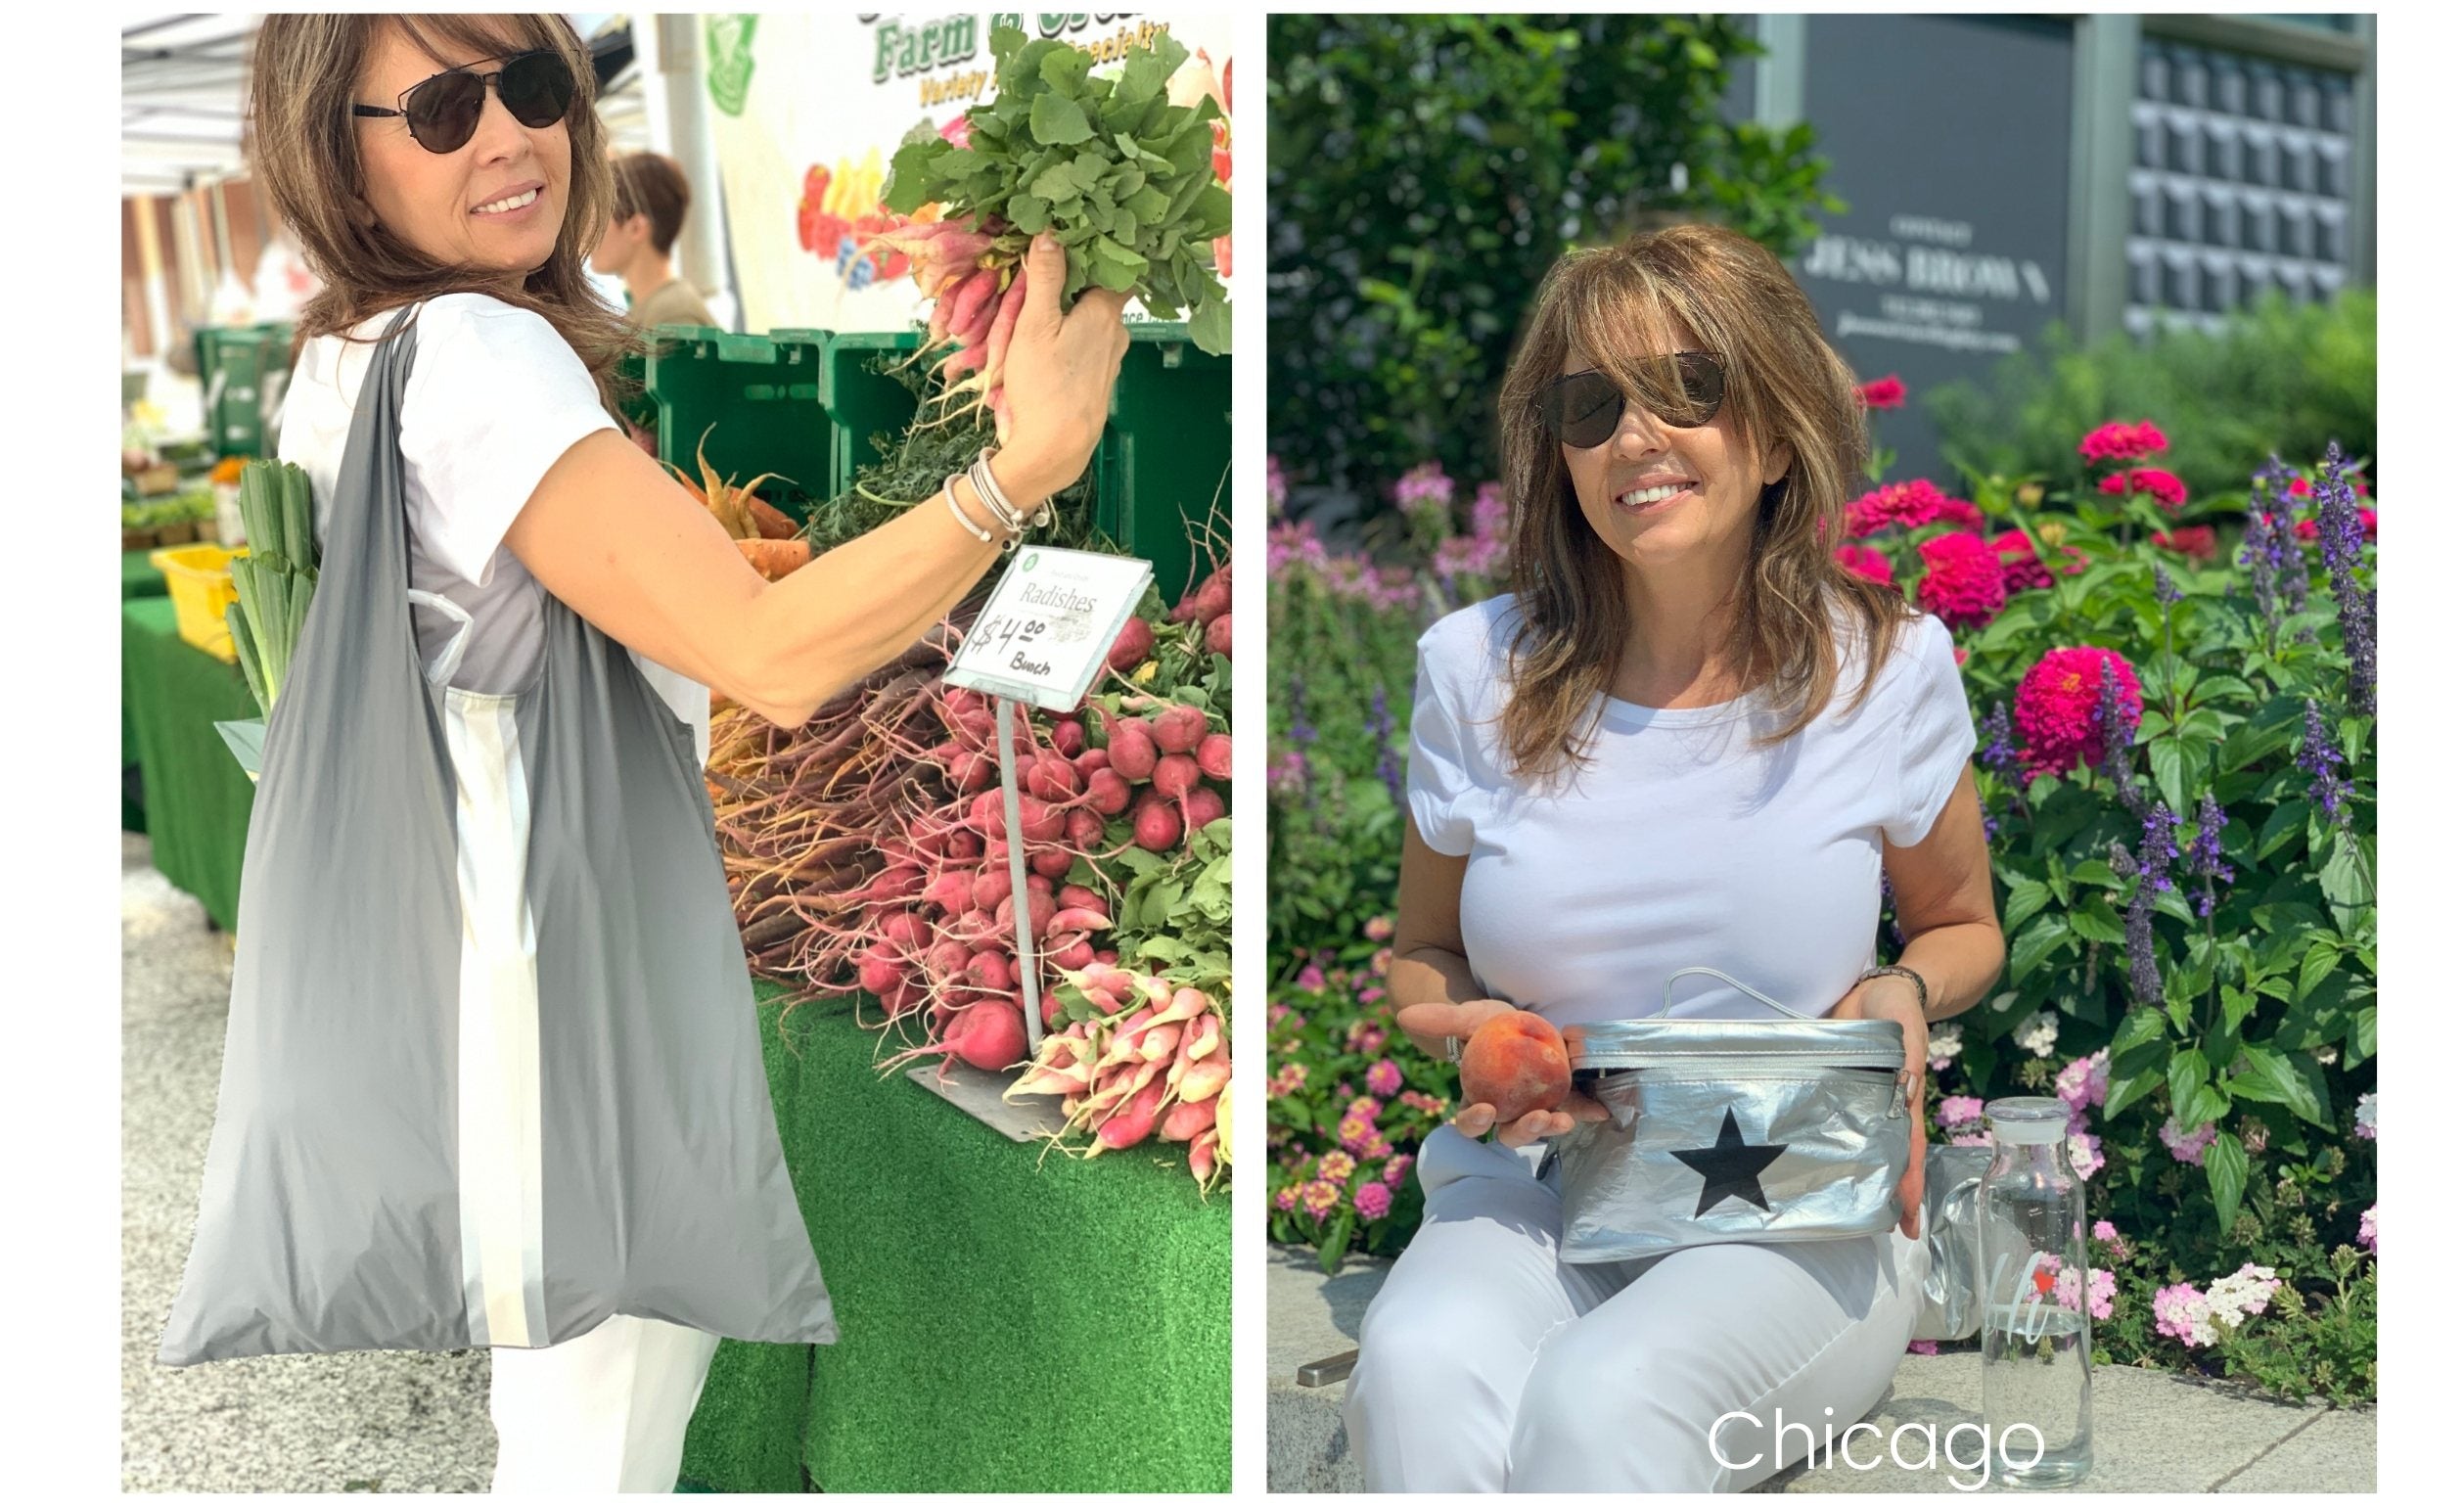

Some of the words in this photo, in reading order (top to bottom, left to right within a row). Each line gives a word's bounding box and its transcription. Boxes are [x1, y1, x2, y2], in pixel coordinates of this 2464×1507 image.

[874, 16, 977, 84] Farm
[919, 69, 988, 108] Variety
[1068, 20, 1170, 67] ecialt
[1019, 581, 1098, 614] Radishes
[1009, 650, 1051, 676] Bunch

Required action: Keep the pictures out and print all the records exactly as they are.

Result:
Some of the words in this photo, in reading order (top to bottom, left to right within a row). Each line gives a word's bounding box and its transcription. Boxes are [x1, y1, x2, y2], in pixel coordinates of this 2464×1507 image.

[874, 16, 977, 84] Farm
[919, 69, 988, 108] Variety
[1068, 20, 1170, 67] ecialt
[1019, 581, 1098, 614] Radishes
[1009, 650, 1051, 676] Bunch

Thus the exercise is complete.